[Photo] Tyler Cohen
This essay was originally published in the December 2012 issue of Backcountry. For a chance to be published, e-mail your essay to
She was sick that day. Not head-cold, runny-nose sick, but chemotherapy sick. And it was not getting better. She was my best friend, my long-time skiing and climbing partner, and that day, she wasn’t feeling well enough to climb out of bed.
I had spent most of the previous day with Lindsay, bedside as she slept, holding her hand, telling her all the stories she already knew. Her favorites were tales of blue-sky days we shared on Berthoud Pass and our 18-hour drive across the loneliest highway in America to ski Tallac, on the eastern shore of Lake Tahoe. I reminded her of the time we skied to Fowler-Hilliard off Vail Pass in a 40-mile-per-hour whiteout and laughed at the thought of icicles hanging from our faces when we finally reached that cabin after dark. We reminisced about that powder day above the Jackal Hut, when we skied mid-thigh freshies from the top of Pearl Peak down through the glades.
On the days that I couldn’t keep her company, I would call. Most times she wouldn’t pick up, so I would leave a message. I’d tell her about my day, how much I missed her and then I’d say goodbye. I knew she would listen to those messages when she was strong enough to lift her head off the pillow.
That late-winter Rocky Mountain February day, I skinned up Butler Gulch. It was clear and calm with seven inches overnight fresh. I needed the skinning and skiing to calm my nerves. The new snow was light and deep, and breaking trail steadied my breathing. For a short time, I didn’t have to watch Lindsay melt away like a snow drift in the spring.
The darkness choking our horizon lightened a bit as I climbed beyond tree line. From there, it was a steep 700 foot gain to the peak and I charged up that hill, determined to stay ahead of the wicked winter storm ravaging the rest of my world.
From the small peak, the views were long and the sun was warm. Grays and Torreys peeked out above the sight lines to the east, cresting at over 14,000 feet. A mile to the west was the Divide. The buzz of snow machines on Jones Pass, stretching to the north below me, was a reminder of the terrain that lay beyond the lump in my throat. I pulled out my phone to leave Lindsay a message. I knew she loved this place and I just wanted to tell her I was here and thinking about her.

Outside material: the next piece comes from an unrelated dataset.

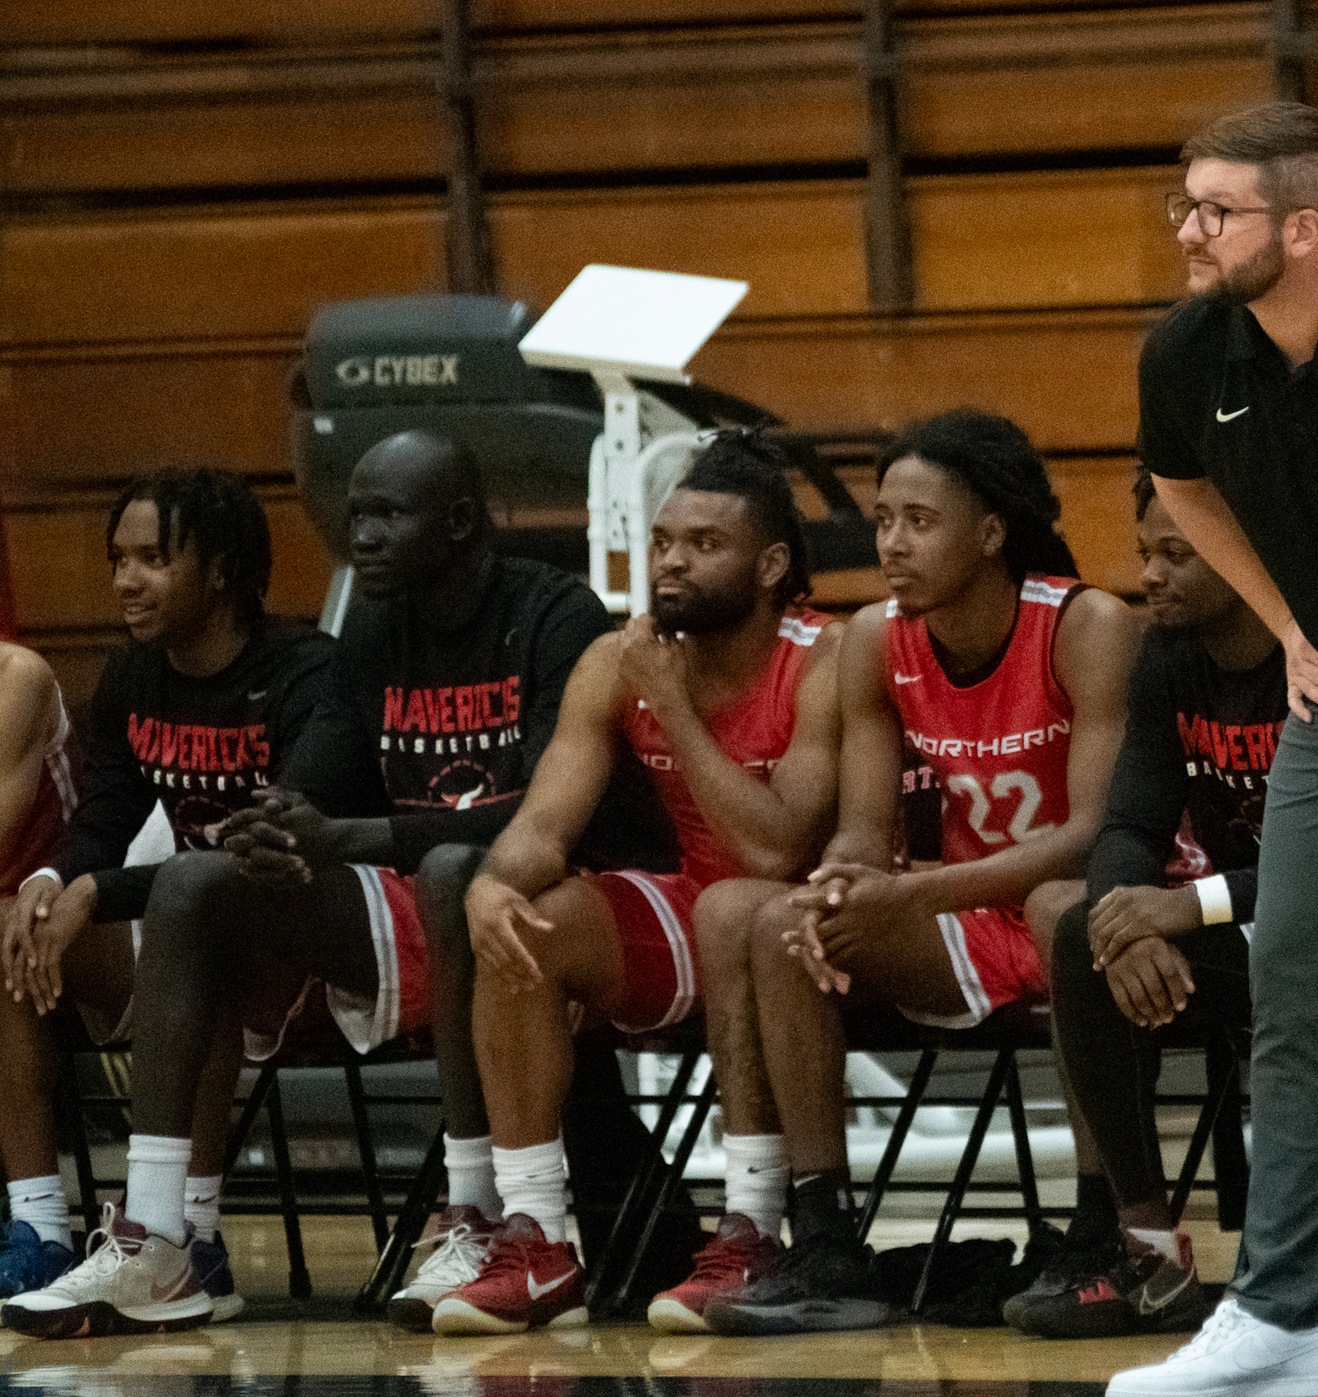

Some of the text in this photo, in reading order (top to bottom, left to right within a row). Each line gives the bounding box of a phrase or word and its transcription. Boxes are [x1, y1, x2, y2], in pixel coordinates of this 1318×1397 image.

[374, 355, 458, 387] CYBEX
[905, 718, 1071, 759] NORTHERN
[948, 770, 1055, 844] 22

To my surprise, she answered the phone. She hadn’t done that in months. We talked for a few moments. I told her that I missed her presence in this little corner of our world. She softly said, “Goodbye” and hung up.

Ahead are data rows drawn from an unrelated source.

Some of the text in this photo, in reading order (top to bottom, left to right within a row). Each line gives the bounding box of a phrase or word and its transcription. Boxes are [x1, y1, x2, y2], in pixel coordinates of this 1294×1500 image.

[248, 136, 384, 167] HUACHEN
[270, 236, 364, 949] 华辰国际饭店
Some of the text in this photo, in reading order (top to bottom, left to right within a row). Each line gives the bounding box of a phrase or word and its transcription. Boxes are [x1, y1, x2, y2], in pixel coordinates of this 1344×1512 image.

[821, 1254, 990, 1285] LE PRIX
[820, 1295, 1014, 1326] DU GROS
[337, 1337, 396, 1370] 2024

I stripped and stowed my skins, ate a few peanuts and battened down the hatches of my pack. With my helmet on, I set the music to “play.” That day, I needed rhythm and a smile.

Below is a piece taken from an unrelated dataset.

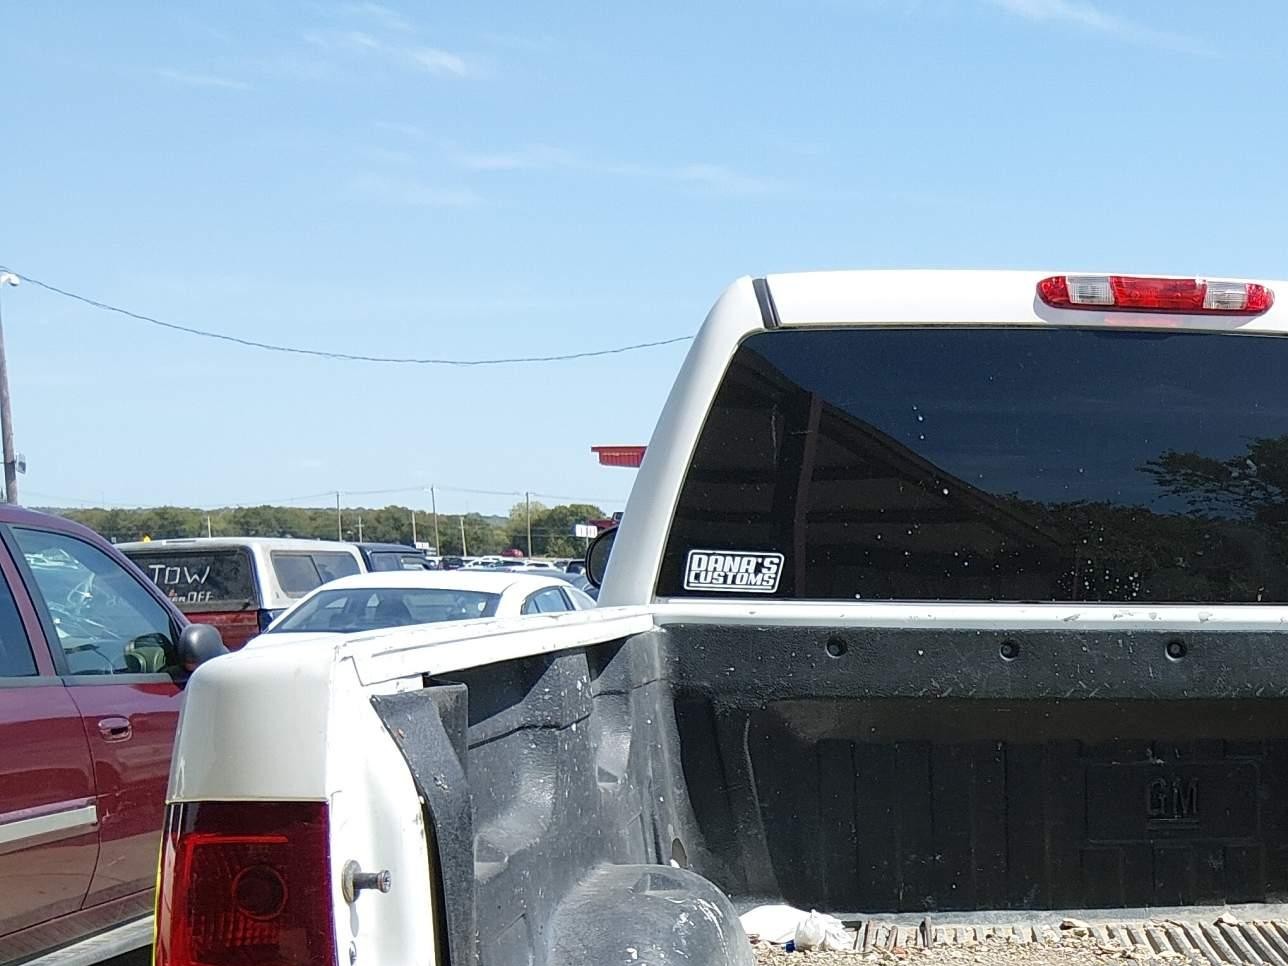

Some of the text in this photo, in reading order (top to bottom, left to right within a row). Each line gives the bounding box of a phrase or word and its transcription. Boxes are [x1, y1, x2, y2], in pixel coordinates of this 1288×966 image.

[690, 554, 780, 574] DANA'S
[148, 564, 211, 585] TOW
[688, 570, 776, 586] CUSTOMS
[1147, 776, 1200, 817] GM

I turned my skis down-ridge as the Grateful Dead strummed their steel guitars. Jerry sang, “Fare you well my honey. Fare you well my only true one…. I love you more than words can tell.”
That day, his words sucked the thin mountain air right out of my already deflated spirit. As the melody poured over my soul, the tears poured out of my eyes and the skis poured me down the hill. I carved and I cried all the way to the car, where the icy wind of reality slammed me against the yard sale that was our life.
With the storm still raging within, Lindsay passed a few days later.
I scattered her ashes from that peak at the back of Butler so that she would always be there with me. She didn’t like it when I went out alone. She also knew how tough it was to find a really good partner.